Results and discussion

Visible injury 28 DAT.

Visual injury symptoms from 2,4-D or dicamba with or without glyphosate included leaf cupping, strapping, epinasty of stems and petioles, callusing and swelling of stem tissue and flowers, stem cracking, necrosis, chlorosis, and plant death. Such symptoms are consistent with those reported by Hatterman-Valenti and Mayland (2005) on various annual flower species. All one-, two-, and three-way interactions of fixed effects were significant for injury ratings 28 DAT (P < 0.0001). When 2,4-D plus glyphosate was applied at the 1/10× rate, wax begonia, coleus, zonal geranium, petunia, and zinnia resulted in greater than 50% injury. When dicamba plus glyphosate was applied at the 1/10× rate, coleus, petunia, and zinnia resulted in greater than 50% injury. (Table 1). When averaged across all plant species, glyphosate in combination with 2,4-D at the 1/10× rate resulted in significantly greater injury (51%) than dicamba plus glyphosate at the 1/10× rate [43% (data not shown)]. Greater injury occurred in response to the 1/10× rate of 2,4-D plus glyphosate compared with the 1/10× rate of 2,4-D alone in all species except french marigold. For example, petunia showed 2% and 65% injury from the 1/10× rates of 2,4-D and 2,4-D plus glyphosate, respectively (Table 1). Similarly, greater injury was observed in response to dicamba plus glyphosate at the 1/10× rate compared with dicamba alone at the 1/10× rate in all species except wax begonia and impatiens (Table 1). With the exceptions noted above, these results indicate that treatments containing glyphosate in combination with dicamba or 2,4-D at the 1/10× rates result in greater injury than dicamba or 2,4-D alone. Similar results from Mohseni-Moghadam et al. (2015) indicate that combinations of 2,4-D or dicamba with glyphosate caused greater injury on grape (Vitis vinifera) compared with either of these herbicides alone. Hatterman-Valenti and Mayland (2005) reported that a combination of 2,4-D plus dicamba plus mecoprop resulted in 17% injury to salvia (Salvia splendens) while dicamba and 2,4-D applied alone resulted in 7% and 10% injury, respectively. Synergistic effects of 2,4-D plus glyphosate and dicamba plus glyphosate on weed control have also been shown (Craigmyle et al., 2013; Flint and Barrett, 1989; Johnson et al., 2010).

Table 1.

Visible injury of garden annuals in response to sublethal rates of 2,4-D and dicamba with or without glyphosate 28 d after treatment.

Table 1.

The 1/100× rate of dicamba plus glyphosate resulted in 1% to 39% injury on the eight species evaluated in these experiments, whereas the 1/100× rate of 2,4-D plus glyphosate resulted in 0% to 7% injury (Table 1). Across all garden annuals, dicamba combined with glyphosate caused significantly greater injury (13%) in comparison with 2,4-D plus glyphosate at the 1/100× rate [4% (data not shown)]. Species exhibited 0% to 3% injury in response to the 1/300× rate of all treatments (Table 1).

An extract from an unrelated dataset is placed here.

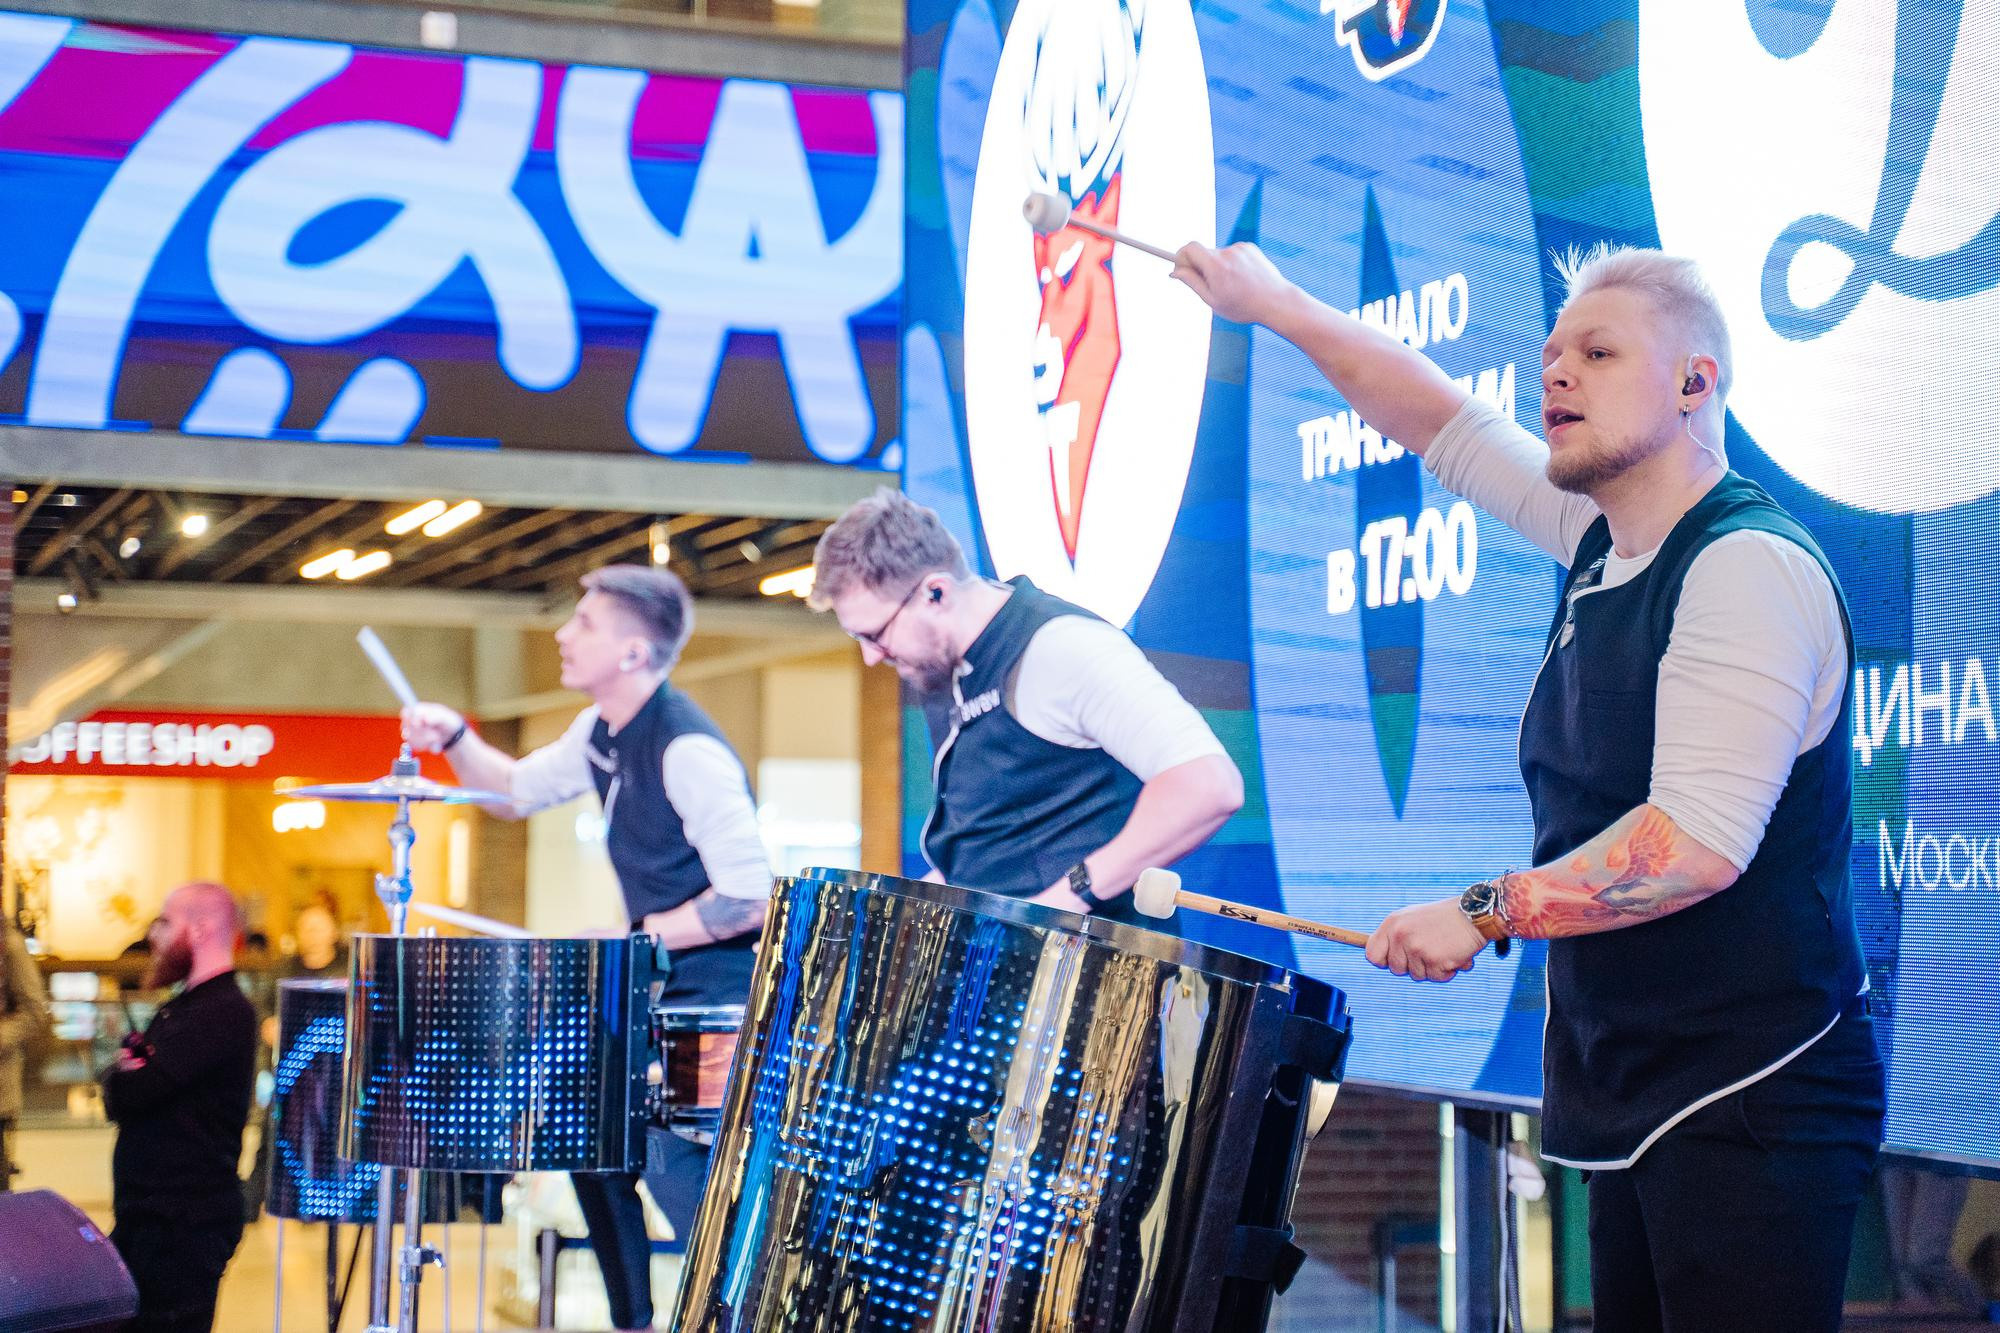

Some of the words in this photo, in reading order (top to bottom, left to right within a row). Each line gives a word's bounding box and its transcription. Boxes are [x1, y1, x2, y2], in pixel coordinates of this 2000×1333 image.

[1327, 548, 1356, 615] В
[1360, 501, 1478, 610] 17:00
[1879, 818, 2000, 892] Моск

On the basis of the 1/10× rates of 2,4-D and dicamba, zonal geranium and french marigold had a greater sensitivity to 2,4-D. Hatterman-Valenti and Mayland (2005) found african marigold to be more sensitive to 2,4-D than dicamba. Coleus and petunia exhibited increased sensitivity to 1/100× treatments of dicamba plus glyphosate compared with 2,4-D plus glyphosate. Coleus was the most injured species [22% injury (data not shown)] to all treatments of 2,4-D and dicamba with or without glyphosate while madagascar periwinkle, impatiens, french marigold, and wax begonia were the least injured [6% to 10% (data not shown)]. Hatterman-Valenti et al. (1995) reported that impatiens and madagascar periwinkle had a low susceptibility to reduced rates of various synthetic auxin herbicide treatments.

Visible injury 56 DAT.

All interactions of herbicide, rate, and garden annuals were significant for injury ratings 56 DAT (P < 0.0001). Injury from 1/300× rates of all treatments ranged from 0% to 3% across the plant species, similarly to 28 DAT (Tables 1 and 2). However, Hatterman-Valenti et al. (1995) reported that 2,4-D applied at 1 g·ha−1 (≈1/1000×) resulted in injury ranging from 10% to 18% on french marigold, petunia, wax begonia, impatiens, zonal geranium, and madagascar periwinkle 8 weeks after treatment. Results from Hatterman-Valenti et al. (1995) may have differed from those found here due to the differences in herbicide formulations and the growth stage of the species in the studies. Additionally, Hatterman-Valenti et al. (1995) likely observed greater injury because plants were kept in the greenhouse following treatment. Less than 3% injury was observed in response to 1/100× treatments of 2,4-D and 2,4-D plus glyphosate. However, 0% to 32% injury was observed with 1/100× treatments of dicamba and dicamba plus glyphosate across all flower species (Table 2). Similar to the responses observed 28 DAT, 1/100× treatments of dicamba plus glyphosate resulted in greater injury than 2,4-D plus glyphosate.

Table 2.

Visible injury of garden annuals in response to sublethal rates of 2,4-D and dicamba with or without glyphosate 56 d after treatment.

Table 2.

By 56 DAT, several species had recovered from the initial injury that occurred 28 DAT. madagascar periwinkle exhibited 24% and 25% visual injury 28 DAT in response to 1/10× treatments of 2,4-D plus glyphosate and dicamba plus glyphosate, respectively. However, by 56 DAT madagascar periwinkle injury had declined to 8% for both treatments (Tables 1 and 2). Similarly, dicamba and 2,4-D applied to zinnia at the 1/10× rate resulted in 21% and 26% visual injury 28 DAT, but by 56 DAT only 6% and 5% visual injury was observed, respectively (Tables 1 and 2). Petunia, impatiens, and wax begonia expressed similar levels of injury between 28 and 56 DAT (Tables 1 and 2). Petunia injury increased by 26% and 12% from 28 DAT to 56 DAT in response to 1/10× treatments of 2,4-D plus glyphosate and dicamba plus glyphosate, respectively. This in large part was due to the increase in tissue death and overall necrosis that was observed. Another study found that rose (Rosa dilecta) expressed similar levels of injury from 30 to 60 DAT with applications of 1/10× and 1/3× rates of 2,4-D plus glyphosate (Al-Khatib et al., 1992b). Overall, differences that were observed 28 DAT were also present 56 DAT. For example, petunia had significantly greater injury caused by 2,4-D or dicamba plus glyphosate compared with 2,4-D or dicamba alone at the 1/10× rates both 28 and 56 DAT. Additionally, zonal geranium was found to have greater injury caused by 2,4-D compared with dicamba at the 1/10× rate both 28 and 56 DAT (Tables 1 and 2).

Plant height.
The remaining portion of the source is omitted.